Chi conosce e apprezza Stephen King, sa che le sue storie non sempre vengono adattate bene per lo schermo, per il semplice motivo che i suoi romanzi sono ricchi di dettagli e spesso infoltiti di sotto trame finemente intrecciate, che è difficile condensare il un film di due ore. Per questo molte volte si finisce per sacrificarne l’essenza, e si traduce il romanzo in un film, privilegiando solo parte della vicenda e trascurando i dettagli. A volte l’adattamento dà comunque un ottimo risultato, come nel caso de Il miglio verde, altre volte invece ne risulta un film meno soddisfacente, come nel caso di Cose preziose.

L’ideale per rendere giustizia al genio letterario di King è la miniserie, che concede un tempo dilatato di almeno tre o quattro ore, per lo sviluppo di tutti i personaggi e di ogni sfumatura della storia. La tempesta del secolo è una delle più belle serie televisive sceneggiate da Stephen King, e fortunatamente è stata pubblicata anche in dvd, in modo da poterla vedere tutta insieme come un film eccezionalmente lungo. Più di quattro ore di suspense, orrore, dramma, amore e morte: una storia misteriosa, come lo sono tutte le storie di King, in cui bene e male si affrontano in una lotta che, come sempre, trascende i confini di tempo e di luogo.

Siamo nel Maine, nel piccolo villaggio di pescatori di Little Tall Island, dove la vita scorre tranquilla anche grazie all’isolamento dalla terraferma. Quando una terribile tempesta di neve colpisce l’isola, impedendo di fatto qualunque contatto con il mondo circostante, la paura e la paranoia degli abitanti vengono aumentate dall’arrivo sull’isola di un misterioso straniero, André Linoge. Questi, oltre ad aver orribilmente assassinato un’anziana e innocua abitante del villaggio, sembra essere al corrente dei segreti più gelosamente custoditi dagli abitanti e pare anche non temere in alcun modo di essere arrestato.

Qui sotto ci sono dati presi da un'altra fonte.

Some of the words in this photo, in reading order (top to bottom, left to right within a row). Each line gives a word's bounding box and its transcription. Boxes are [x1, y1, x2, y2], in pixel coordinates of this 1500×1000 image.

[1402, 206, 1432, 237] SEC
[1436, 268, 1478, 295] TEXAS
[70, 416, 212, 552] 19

Lo sceriffo del luogo lo chiude nella prigione locale, ma l’uomo non sembra preoccupato, non cerca di difendersi dalle accuse né di spiegare in alcun modo il suo gesto. L’unica cosa che ripete ossessivamente è una frase inquietante: Datemi quello che voglio e io me ne andrò. Linoge appare subito in grado di influenzare la vita della piccola comunità, nonostante il confinamento nella cella di detenzione: in qualche modo diabolico, la sua stessa presenza getta un’ombra oscura sull’intero villaggio, sotto forma di suicidi inspiegabili e incubi terribili che si diffondono tra gli abitanti.

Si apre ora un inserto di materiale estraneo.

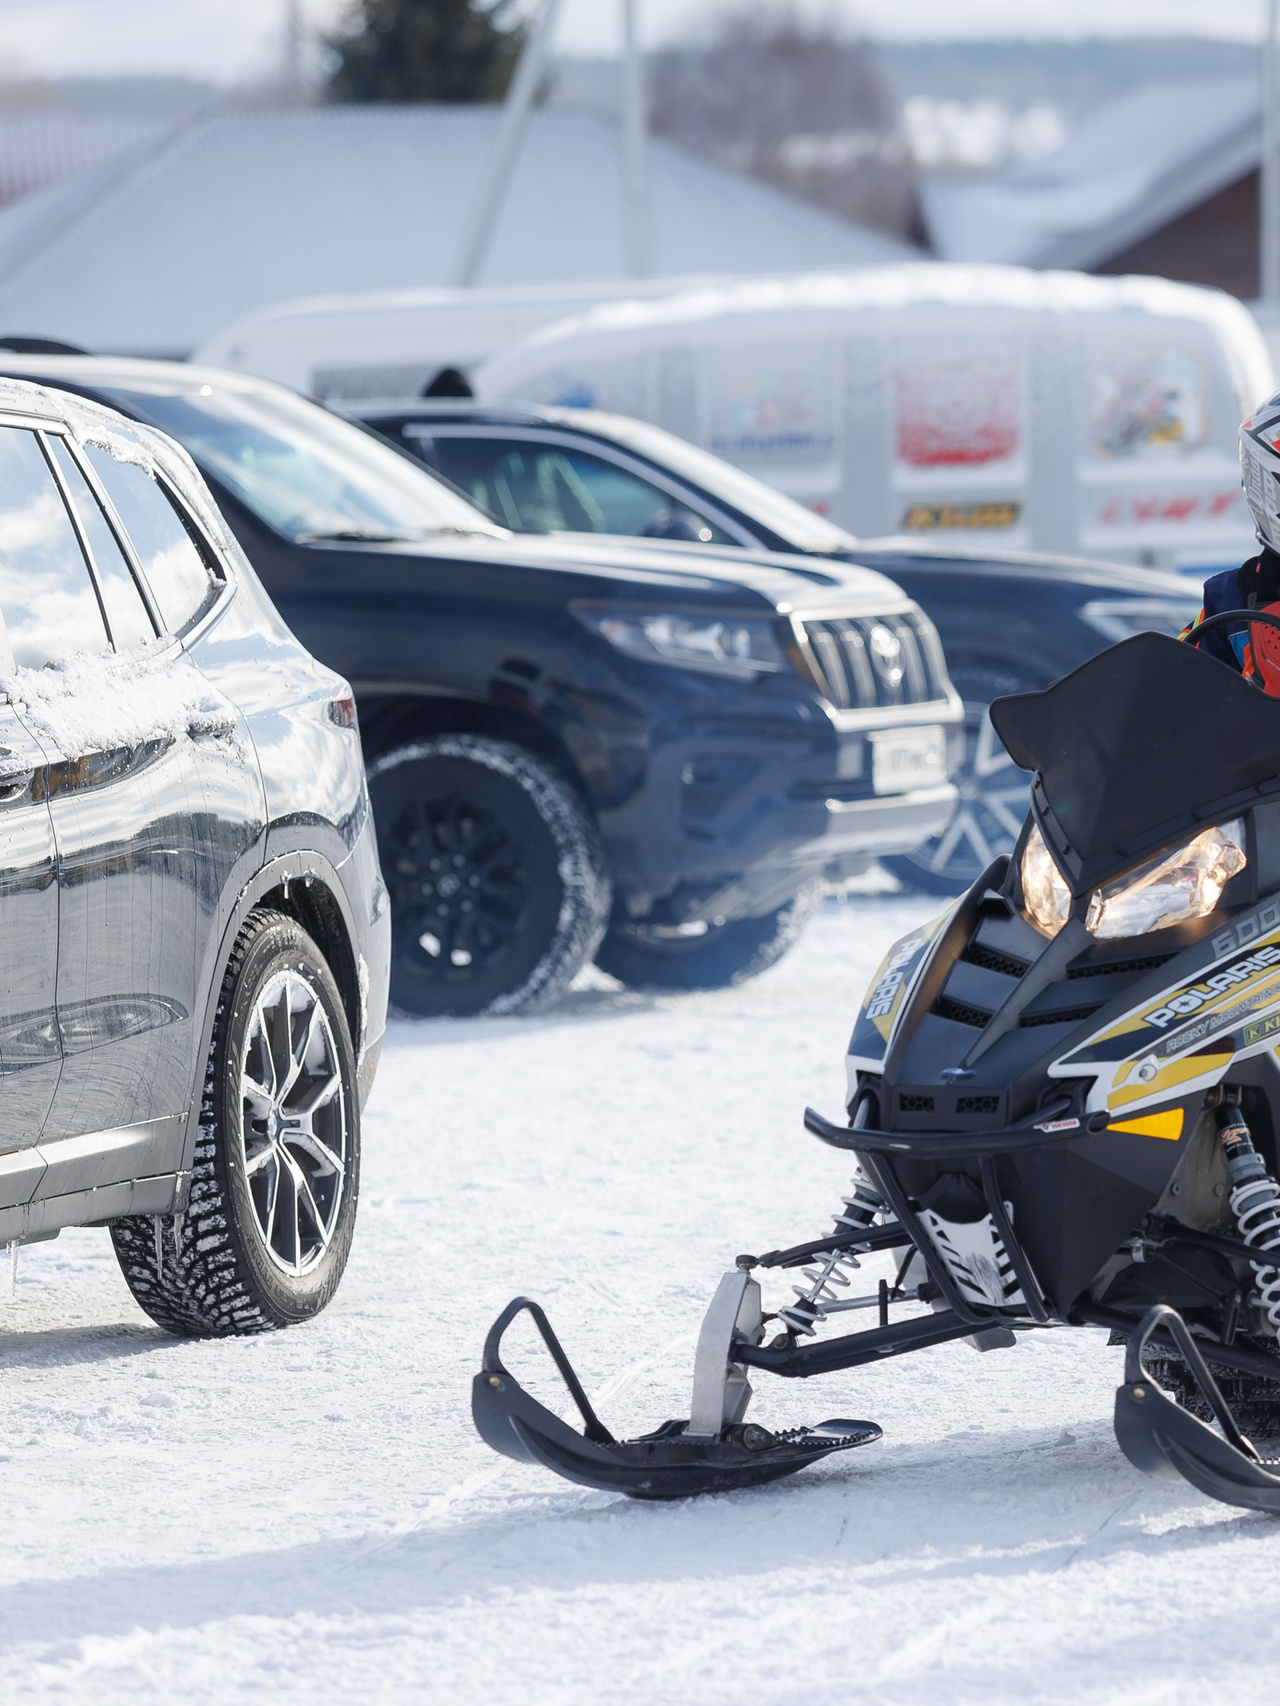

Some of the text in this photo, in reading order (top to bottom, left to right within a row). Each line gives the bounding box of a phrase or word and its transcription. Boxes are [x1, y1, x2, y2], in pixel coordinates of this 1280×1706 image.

[1212, 901, 1280, 958] 600
[865, 937, 923, 1020] POLARIS
[1166, 1017, 1212, 1053] ROCKY
[1209, 986, 1273, 1031] MOUNTAIN

Uno dopo l’altro, i piccoli sporchi segreti che si trovano in ogni comunità vengono alla luce, e di conseguenza si propagano come un cancro tra gli abitanti sentimenti di sfiducia, gelosia e odio reciproci. Solo nella seconda metà della storia apparirà chiaro cosa realmente vuole lo straniero, e l’unico a cercare di opporsi al suo diabolico piano sarà proprio lo sceriffo. Non rivelo il finale, ovviamente, ma posso dire che l’originalità della conclusione va di pari passo con la sua amarezza.

Pur essendo una miniserie televisiva, il ritmo è molto sostenuto, la trama sorprende continuamente con piccoli e grandi colpi di scena e l’evoluzione dei personaggi è costante, mentre le storie personali si intrecciano sullo sfondo della vicenda principale: le quattro ore abbondanti passano in un soffio e alla fine si vorrebbe che il racconto continuasse. Sicuramente questi pregi così singolari per un lavoro televisivo dipendono dal fatto che King ha scritto la sceneggiatura originale proprio per il piccolo schermo, e solo successivamente l’ha pubblicata sotto forma di romanzo, esattamente il contrario di quanto avviene di solito.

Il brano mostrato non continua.